*** Opening DATA FOR PROCESSING ***

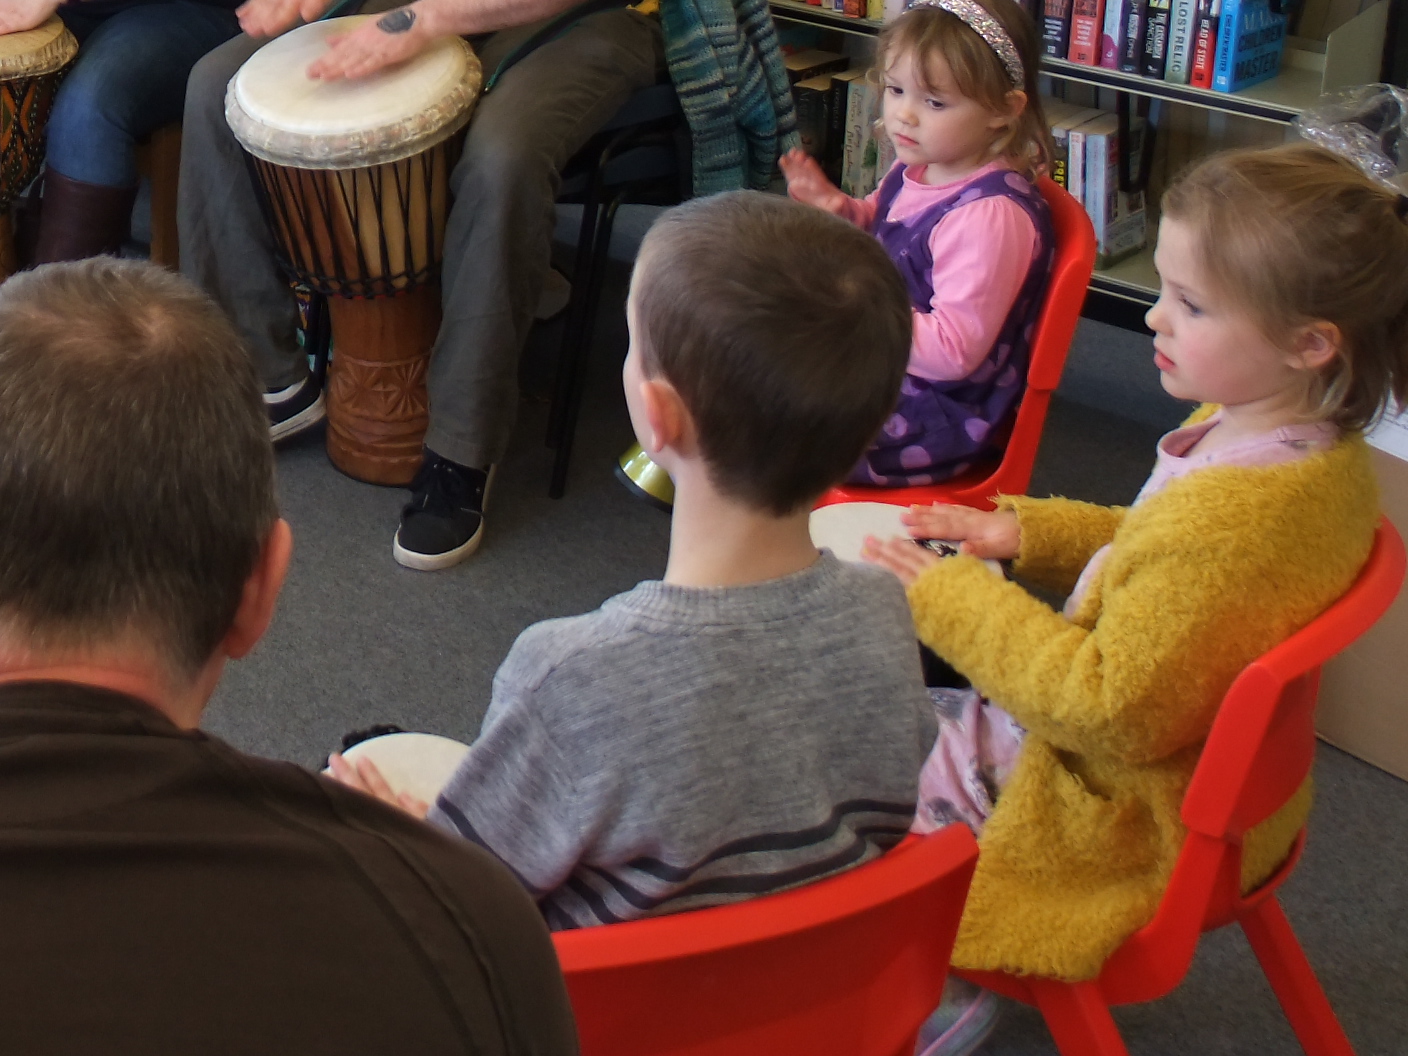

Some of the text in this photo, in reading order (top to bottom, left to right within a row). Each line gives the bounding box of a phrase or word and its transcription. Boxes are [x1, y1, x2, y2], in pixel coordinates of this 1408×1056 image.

[1171, 2, 1189, 72] LOST RELIC
[1198, 19, 1208, 42] HEAD
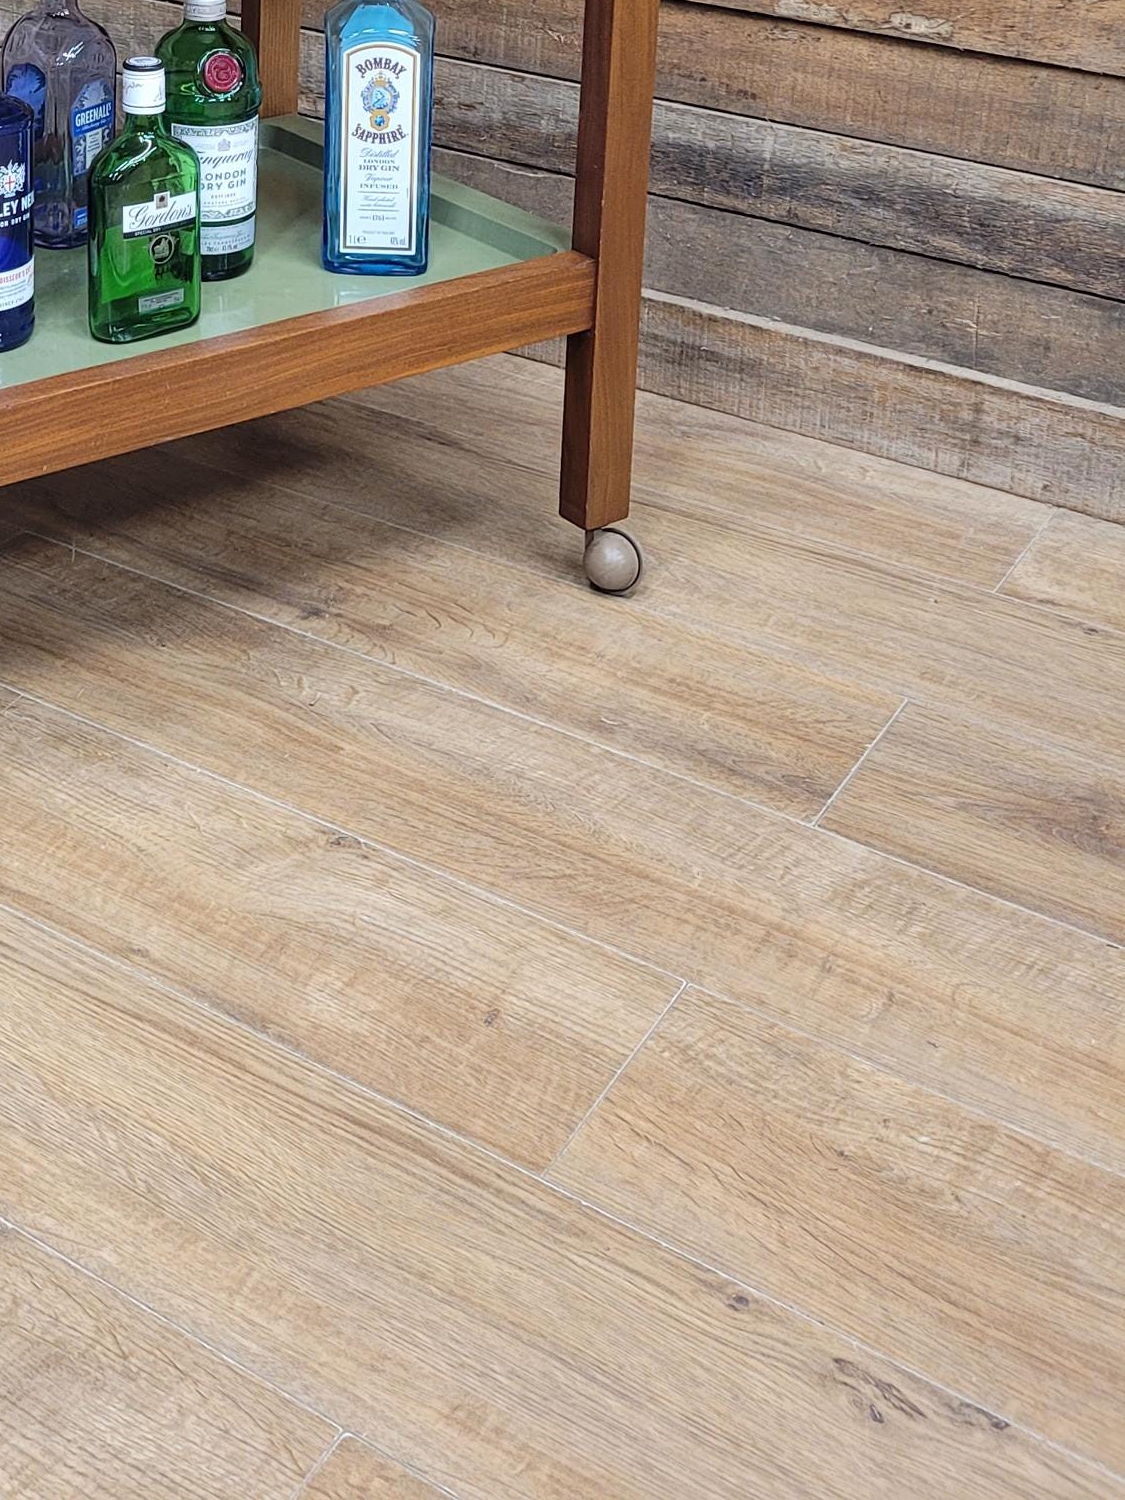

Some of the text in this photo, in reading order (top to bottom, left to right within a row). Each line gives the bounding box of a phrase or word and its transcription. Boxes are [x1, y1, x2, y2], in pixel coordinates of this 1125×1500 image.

[355, 57, 407, 79] BOMBAY
[75, 102, 113, 128] GREENALL'S
[351, 123, 407, 145] SAPPHIRE
[200, 168, 247, 181] ONDON
[228, 177, 247, 189] GIN
[128, 200, 193, 230] Gordon's
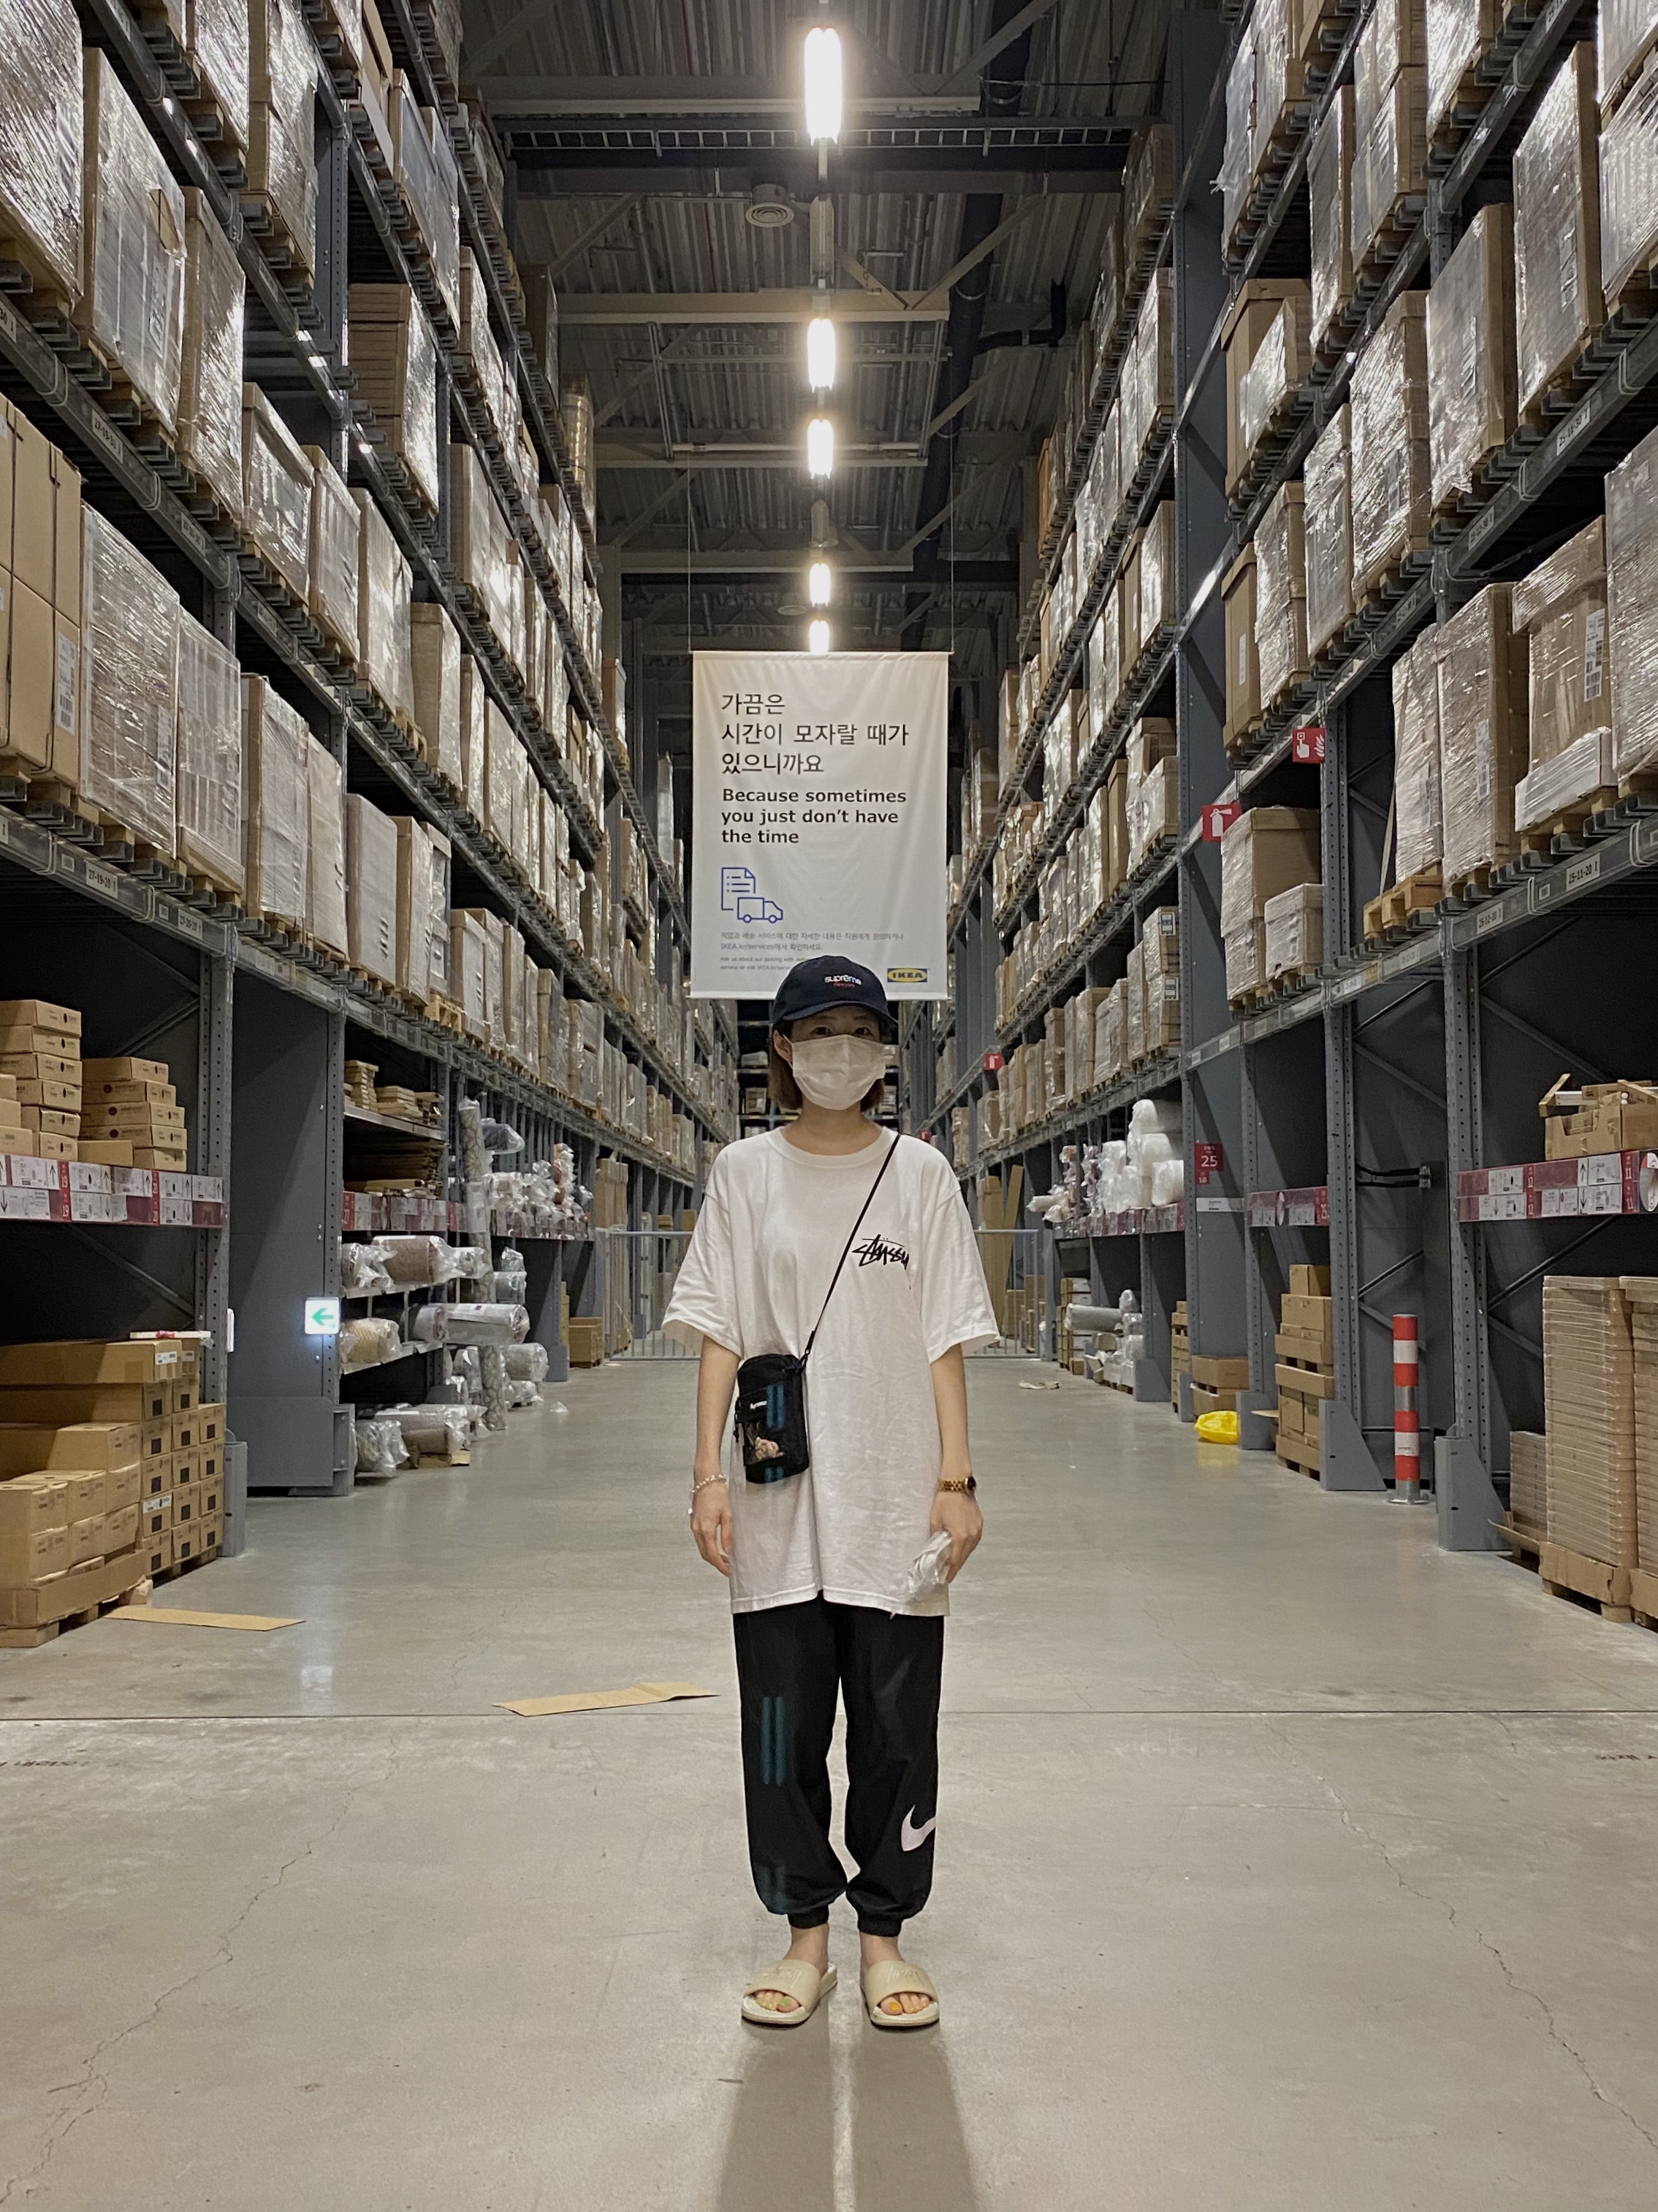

*** Closing DATA FOR PROCESSING ***

Write the entries out again exactly as they appear, with the pictures omitted.

Some of the text in this photo, in reading order (top to bottom, left to right within a row). Each line gives the bounding box of a phrase or word and its transcription. Boxes are [x1, y1, x2, y2], in pixel coordinates of this 1408×1056 image.

[1171, 2, 1189, 72] LOST RELIC
[1198, 19, 1208, 42] HEAD

Some of the text in this photo, in reading order (top to bottom, left to right within a row). Each line gives the bounding box of a phrase or word and its transcription. Boxes are [x1, y1, x2, y2], in pixel coordinates of this 1125×1500 image.

[355, 57, 407, 79] BOMBAY
[75, 102, 113, 128] GREENALL'S
[351, 123, 407, 145] SAPPHIRE
[200, 168, 247, 181] ONDON
[228, 177, 247, 189] GIN
[128, 200, 193, 230] Gordon's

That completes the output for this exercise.